# Preprocessing

In [41]:
# Load the uploaded text file
file_path = 'Ulysses.txt'

# Read the content of the file
with open(file_path, 'r',encoding='utf-8') as file:
    text_content = file.read()

# Text preprocessing: remove extra spaces and standardize format
import re

# Removing extra whitespace and newlines
cleaned_text = re.sub(r'\s+', ' ', text_content.strip())

cleaned_text = re.sub(r'[\“\”]', '"', cleaned_text)  # Replace double curly quotes

cleaned_text = re.sub(r'[\‘\’]', "'", cleaned_text)  # Replace single curly quotes

cleaned_text = re.sub(r'\.{2,}', '.', cleaned_text) # Replace the ellipsis

# Remove non-essential characters (if necessary, like extra formatting artifacts)
cleaned_text = re.sub(r'[^a-zA-Z0-9.,!?\'\-\—\"\s]', '',  cleaned_text)

cleaned_text = re.sub(r'—', ' ', cleaned_text)

# Lowercase the text for case-insensitive analysis
cleaned_text = cleaned_text.lower()

#output_file_path = 'Cleaned.txt'

#with open(output_file_path, 'w', encoding='utf-8') as output_file:
    #output_file.write(cleaned_text)

# Calculation of Tokens, Types, Hapax Legomena, TTR, STTR, Lexical Density 

In [None]:
from nltk import word_tokenize, pos_tag, FreqDist

# Tokenize the text into words
tokens = word_tokenize(cleaned_text)
tokens = [token for token in tokens if token.isalpha() or '-' in token ]
    
# Calculate the word count
word_count = len(tokens)

# Calculate unique words (types)
unique_words = set(tokens)
unique_word_count = len(unique_words)

# Calculate hapax legomena
freq_dist = FreqDist(tokens)
hapax_legomena = [word for word, count in freq_dist.items() if count == 1]

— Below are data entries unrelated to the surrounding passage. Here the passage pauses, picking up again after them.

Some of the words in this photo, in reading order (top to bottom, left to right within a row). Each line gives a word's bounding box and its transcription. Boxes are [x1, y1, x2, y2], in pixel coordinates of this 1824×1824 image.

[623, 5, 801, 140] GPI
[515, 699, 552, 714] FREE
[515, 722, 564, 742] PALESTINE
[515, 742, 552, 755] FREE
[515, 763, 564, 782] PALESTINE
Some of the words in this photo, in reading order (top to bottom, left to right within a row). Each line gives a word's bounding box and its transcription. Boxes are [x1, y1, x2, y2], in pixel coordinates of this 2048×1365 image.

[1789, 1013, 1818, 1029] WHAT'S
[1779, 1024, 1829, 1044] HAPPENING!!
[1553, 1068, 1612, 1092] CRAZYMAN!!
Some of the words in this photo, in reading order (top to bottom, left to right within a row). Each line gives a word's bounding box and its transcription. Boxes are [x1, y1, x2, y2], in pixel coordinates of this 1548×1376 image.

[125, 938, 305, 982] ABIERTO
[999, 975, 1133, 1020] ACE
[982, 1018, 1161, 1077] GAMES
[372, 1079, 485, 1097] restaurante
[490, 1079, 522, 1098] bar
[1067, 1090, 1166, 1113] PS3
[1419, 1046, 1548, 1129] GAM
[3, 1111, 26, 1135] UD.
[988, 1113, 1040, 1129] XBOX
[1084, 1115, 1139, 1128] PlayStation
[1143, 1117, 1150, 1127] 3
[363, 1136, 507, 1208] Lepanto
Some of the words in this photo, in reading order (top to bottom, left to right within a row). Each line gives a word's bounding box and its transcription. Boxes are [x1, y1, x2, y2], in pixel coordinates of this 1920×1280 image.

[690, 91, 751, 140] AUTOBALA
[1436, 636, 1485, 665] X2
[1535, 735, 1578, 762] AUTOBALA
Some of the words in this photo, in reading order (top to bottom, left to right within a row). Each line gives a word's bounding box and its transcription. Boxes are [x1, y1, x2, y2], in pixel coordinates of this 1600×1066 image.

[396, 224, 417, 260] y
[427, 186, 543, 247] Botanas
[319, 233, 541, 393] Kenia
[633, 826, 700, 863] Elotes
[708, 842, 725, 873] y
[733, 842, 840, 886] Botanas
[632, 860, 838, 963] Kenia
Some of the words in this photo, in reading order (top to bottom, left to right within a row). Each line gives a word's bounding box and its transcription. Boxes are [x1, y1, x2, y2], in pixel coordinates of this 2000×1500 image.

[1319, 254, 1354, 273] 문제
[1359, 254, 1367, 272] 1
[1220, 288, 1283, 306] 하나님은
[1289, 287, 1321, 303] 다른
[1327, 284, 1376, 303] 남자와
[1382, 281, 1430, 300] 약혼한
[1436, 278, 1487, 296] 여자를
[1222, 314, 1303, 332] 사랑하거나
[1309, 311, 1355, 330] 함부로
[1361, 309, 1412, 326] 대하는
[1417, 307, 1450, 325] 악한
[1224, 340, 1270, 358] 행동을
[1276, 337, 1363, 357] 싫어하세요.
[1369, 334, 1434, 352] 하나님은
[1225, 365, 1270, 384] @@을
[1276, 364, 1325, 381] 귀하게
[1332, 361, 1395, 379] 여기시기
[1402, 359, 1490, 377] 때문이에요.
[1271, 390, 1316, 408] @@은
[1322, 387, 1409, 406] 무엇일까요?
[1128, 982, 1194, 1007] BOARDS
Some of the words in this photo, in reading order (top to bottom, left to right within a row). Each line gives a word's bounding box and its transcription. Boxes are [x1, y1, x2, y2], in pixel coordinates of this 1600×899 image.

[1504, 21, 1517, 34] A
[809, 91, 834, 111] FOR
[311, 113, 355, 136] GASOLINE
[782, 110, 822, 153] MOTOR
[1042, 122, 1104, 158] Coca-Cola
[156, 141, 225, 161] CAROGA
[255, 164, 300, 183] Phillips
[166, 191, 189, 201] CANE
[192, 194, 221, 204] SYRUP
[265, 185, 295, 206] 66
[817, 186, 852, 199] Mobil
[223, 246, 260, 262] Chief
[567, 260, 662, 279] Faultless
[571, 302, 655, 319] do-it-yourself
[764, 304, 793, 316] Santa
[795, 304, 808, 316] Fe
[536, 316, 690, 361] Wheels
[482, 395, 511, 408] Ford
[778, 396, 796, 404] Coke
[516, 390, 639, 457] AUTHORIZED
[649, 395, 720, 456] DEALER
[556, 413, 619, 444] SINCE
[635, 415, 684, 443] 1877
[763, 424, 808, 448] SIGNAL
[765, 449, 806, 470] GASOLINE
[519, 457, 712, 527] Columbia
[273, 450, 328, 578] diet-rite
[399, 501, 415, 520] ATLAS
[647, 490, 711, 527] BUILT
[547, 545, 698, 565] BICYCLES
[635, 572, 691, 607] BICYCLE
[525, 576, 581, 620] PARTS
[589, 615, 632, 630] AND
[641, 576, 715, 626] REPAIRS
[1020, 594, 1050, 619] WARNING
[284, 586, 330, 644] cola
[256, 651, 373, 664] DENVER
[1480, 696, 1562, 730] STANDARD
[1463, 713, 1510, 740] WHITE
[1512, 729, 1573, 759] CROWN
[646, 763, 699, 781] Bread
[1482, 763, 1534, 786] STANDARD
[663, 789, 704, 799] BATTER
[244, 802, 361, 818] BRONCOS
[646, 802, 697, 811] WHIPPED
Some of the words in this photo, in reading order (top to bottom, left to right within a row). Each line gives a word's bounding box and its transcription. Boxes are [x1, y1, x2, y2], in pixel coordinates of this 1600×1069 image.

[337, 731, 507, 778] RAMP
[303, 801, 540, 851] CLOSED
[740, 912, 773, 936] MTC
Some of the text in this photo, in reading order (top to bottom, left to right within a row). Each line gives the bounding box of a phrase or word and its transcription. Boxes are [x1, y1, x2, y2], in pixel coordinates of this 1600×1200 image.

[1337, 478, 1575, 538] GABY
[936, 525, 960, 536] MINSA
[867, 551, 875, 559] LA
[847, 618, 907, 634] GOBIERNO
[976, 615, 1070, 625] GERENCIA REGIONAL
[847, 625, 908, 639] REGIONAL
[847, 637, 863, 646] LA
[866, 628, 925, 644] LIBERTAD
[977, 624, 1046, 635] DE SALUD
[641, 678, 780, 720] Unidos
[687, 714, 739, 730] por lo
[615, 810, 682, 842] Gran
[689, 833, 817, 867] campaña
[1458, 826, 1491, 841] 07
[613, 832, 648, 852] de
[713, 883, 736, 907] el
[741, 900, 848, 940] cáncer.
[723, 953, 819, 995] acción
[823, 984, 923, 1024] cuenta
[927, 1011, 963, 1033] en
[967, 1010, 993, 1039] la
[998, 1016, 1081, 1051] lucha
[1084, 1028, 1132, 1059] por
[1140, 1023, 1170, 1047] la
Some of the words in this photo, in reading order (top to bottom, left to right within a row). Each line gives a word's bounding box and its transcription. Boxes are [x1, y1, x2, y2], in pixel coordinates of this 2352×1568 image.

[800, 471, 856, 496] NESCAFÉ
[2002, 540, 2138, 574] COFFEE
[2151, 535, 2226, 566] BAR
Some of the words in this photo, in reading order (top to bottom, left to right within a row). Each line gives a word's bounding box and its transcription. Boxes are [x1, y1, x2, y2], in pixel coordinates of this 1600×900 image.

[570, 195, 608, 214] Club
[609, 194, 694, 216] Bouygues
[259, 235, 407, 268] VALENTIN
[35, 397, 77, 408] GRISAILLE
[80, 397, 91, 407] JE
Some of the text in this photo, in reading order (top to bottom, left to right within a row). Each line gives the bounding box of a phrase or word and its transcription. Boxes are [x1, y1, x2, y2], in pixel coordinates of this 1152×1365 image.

# Calculate type-token ratio (TTR)
ttr = unique_word_count / word_count if word_count > 0 else 0

# Calculate STTR
chunk_size = 1000

chunks = [tokens[i:i + chunk_size] for i in range(0, len(tokens), chunk_size)]

ttrs = []
for chunk in chunks:
    unique_tokens = set(chunk)
    ttr_each_chunk = len(unique_tokens) / len(chunk) if len(chunk) > 0 else 0
    ttrs.append(ttr_each_chunk)

sttr = sum(ttrs) / len(ttrs) if ttrs else 0

# Calculate lexical density
pos_tags = pos_tag(tokens)
content_words = [word for word, tag in pos_tags if tag.startswith(('NN', 'VB', 'JJ', 'RB'))]
lexical_density = (len(content_words) / word_count) * 100 if word_count > 0 else 0

# Output results
print(f"Total Word Count: {word_count}")
print(f"Unique Word Count: {unique_word_count}")
print(f"Hapax Legomena Count: {len(hapax_legomena)}")
print(f"Type-Token Ratio (TTR): {ttr:.2f}")
print(f"Standardized Type-Token Ratio (STTR):{sttr:.2f}")
print(f"Lexical Density: {lexical_density:.2f}%")

# Top Frequent Words

In [None]:
import requests

stop_words = requests.get("https://gist.githubusercontent.com/rg089/35e00abf8941d72d419224cfd5b5925d/raw/12d899b70156fd0041fa9778d657330b024b959c/stopwords.txt").content
stop_words = set(stop_words.decode().splitlines()) 
filtered_tokens = [token for token in tokens if token not in stop_words]

# Count token frequencies
freq_dist = FreqDist(filtered_tokens)

# Get the top 100 most frequent tokens
top_100 = freq_dist.most_common(100)

# Display the results
for token, count in top_100:
    print(f"{token}: {count}")

# Wordcloud for the visualization

In [None]:
from wordcloud import WordCloud
import matplotlib.pyplot as plt

wordcloud = WordCloud(width=800, height=400, background_color='white').generate_from_frequencies(dict(top_100))
    
# Display the word cloud
plt.figure(figsize=(10, 5))
plt.imshow(wordcloud, interpolation='bilinear')
plt.axis('off')
plt.title(f"Top 100 Words in {file_path}", fontsize=16)
plt.show()

# Calculation of Punctuations

In [None]:
import string 

# Count total tokens with punctuation marks
tokens_with_punct_count = len(word_tokenize(cleaned_text))

print(tokens_with_punct_count)

punctuations = string.punctuation

# Count total punctuation marks
punctuation_count = sum(1 for char in cleaned_text if char in punctuations)

print(punctuation_count)

# 
exclamation_count = cleaned_text.count('!')

print(exclamation_count)

percentage = punctuation_count / tokens_with_punct_count

print(percentage)